Sutton donated her letters and papers to Alamance Community College in 2007. She said: "I didn't want them to go to some fancy university; I wanted them to go to a college that served the ordinary folks."
(Excerpt) Read more at news.yahoo.com ...
What...no “look for the union label”? Kinda liked the jingle they had back when.
BTW: Those mills used to all be in Massachusetts and New Hampshire, until the French Canadians started unionizing.
Almost none. My wife was a linthead for 15 years. All the plants were closed in the late 1980’s and early 90’s in NC. JP Stevens, Burlington, Cone all gone. The White Oak plant in Greensboro is about the only one left now.
Lot of lefties die of brain cancer - Sutton, Kennedy, Johnnie Cochran. Wonder if there is some sort of genetic component there.
I saw this woman being interviewed on TV one time. I believe she was then working as a motel maid. She came across as very unpleasant, and my memory tells me she was critical of Sally Fields portrayal of her as Sally just wasn’t as “tough” as she was.
http://en.wikipedia.org/wiki/Multi_Fibre_Arrangement
“During early 2005, textile and clothing exports from China to the West grew by 100% or more in many items, leading the US and EU to cite China’s WTO accession agreement allowing them to restrict the rate of growth to 7.5% per year until 2008. In June, China agreed with the EU to limit the rate to 10% for 3 years. No such agreement was reached with the US, which imposed its own import growth quotas of 7.5% instead.”
Yup. White Americans need not apply.
The Yankees are moving down and turning states like NC and SC into So. NJ.
Yep. 15 years ago those same morons were bragging about moving to Florida because it was “paradise.” Florida got fudged up so now they are going to “da Caro-LINE-ahs.”
Good post.
I’m trying to understand your point here? That China got a lot of textile industry? That’s true, but the ones in Georgia went to Mexico and Brazil.
But people love Sally. They really, really love her.
Foreign textiles were cheaper even with the trasportations costs. Well, I think you can make an argument that unions made wages artificially high, so that domestic textile plants could not compete with the foreign ones.

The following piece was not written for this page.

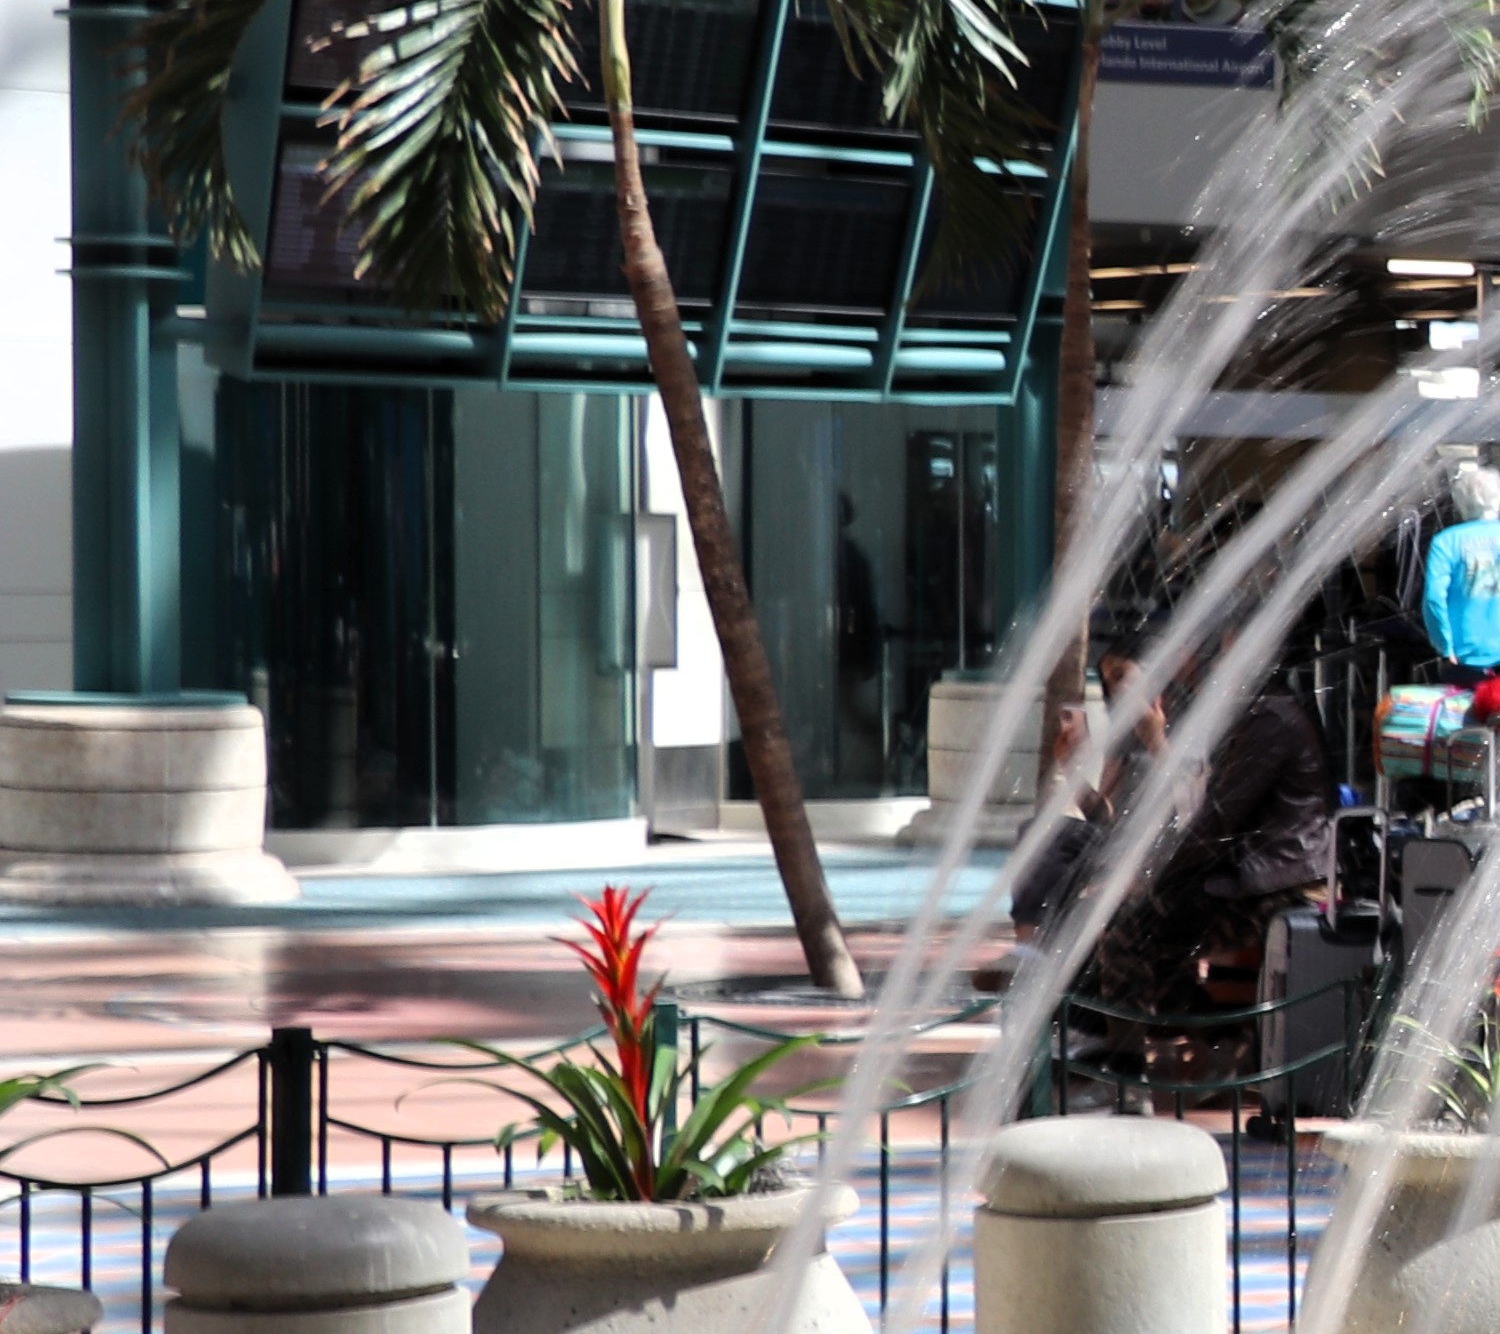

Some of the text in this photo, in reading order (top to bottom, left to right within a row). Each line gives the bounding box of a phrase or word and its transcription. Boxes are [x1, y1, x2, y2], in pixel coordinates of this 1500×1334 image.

[1099, 35, 1167, 51] obby Level
[1101, 53, 1137, 68] lando
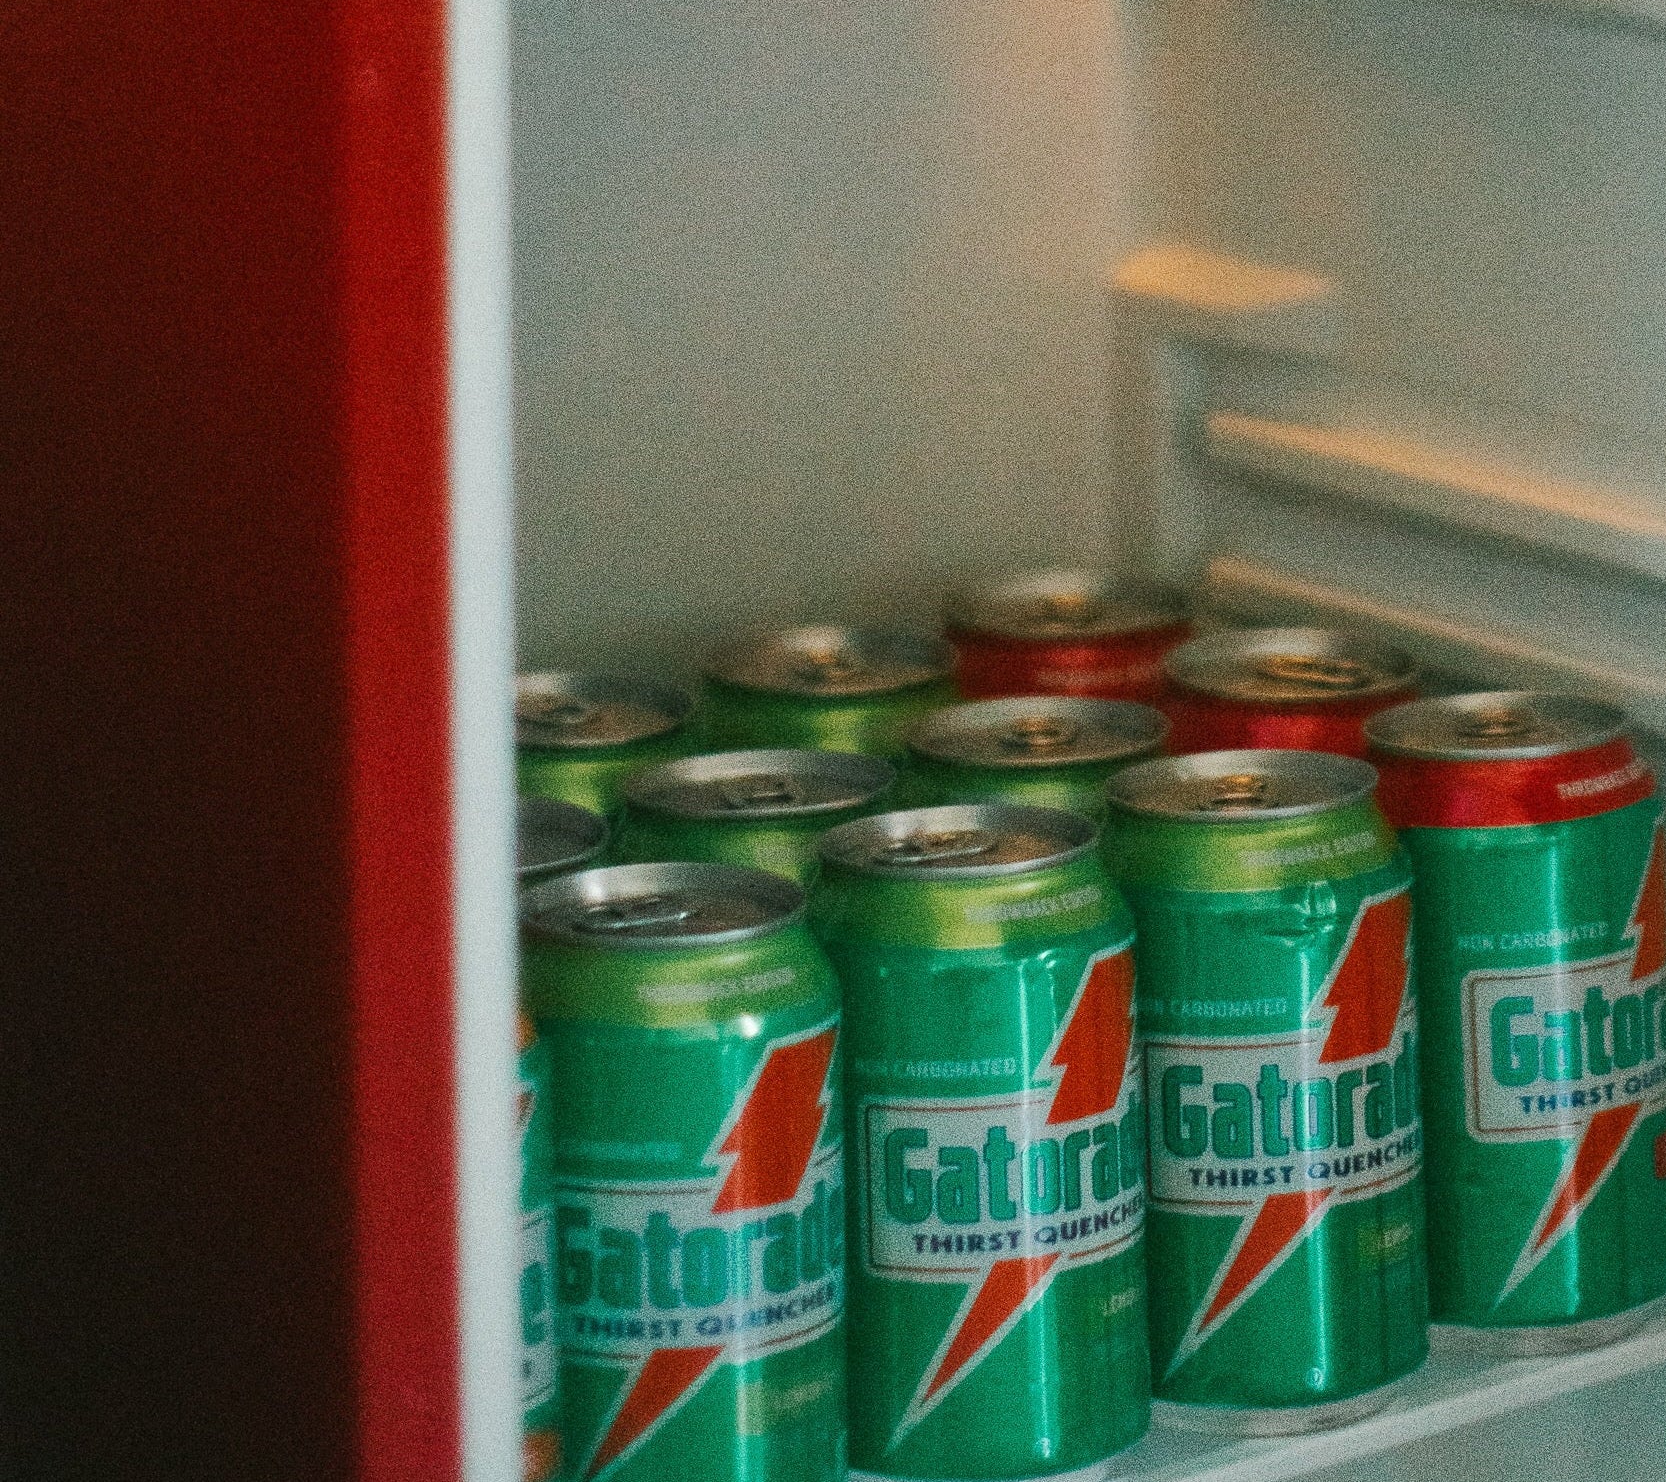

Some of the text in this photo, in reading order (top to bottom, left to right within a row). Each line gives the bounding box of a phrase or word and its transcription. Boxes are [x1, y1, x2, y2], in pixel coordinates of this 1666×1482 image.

So what do you do? Let those cheaper textiles into your country or impose tariffs so that they are not cheaper? In the 18th century the conservatives said impose tariffs on cheaper foreign goods to protect your domestic manufacturers. The liberals said do away with tariffs and let the cheaper foreign goods in to compete with domestics markets.
Today in the 21st century the positions are reversed. The liberals say impose tariffs and conservatives say do away with tariffs and let the cheaper goods in.
Well, politics is always changing.
What...no look for the union label? Kinda liked the jingle they had back when.
Wasn't that Algore's lullaby song when he was a baby!
Just one of the fruits of “free trade.”
“Free trade”, the strip-mining of the American Middle Class lifestyle.
LOL...probably.
OK, thanks
OK, thanks
It’s globalization. Even non-union plants aren’t able to compete with the absolute advantage developing countries have in labor costs.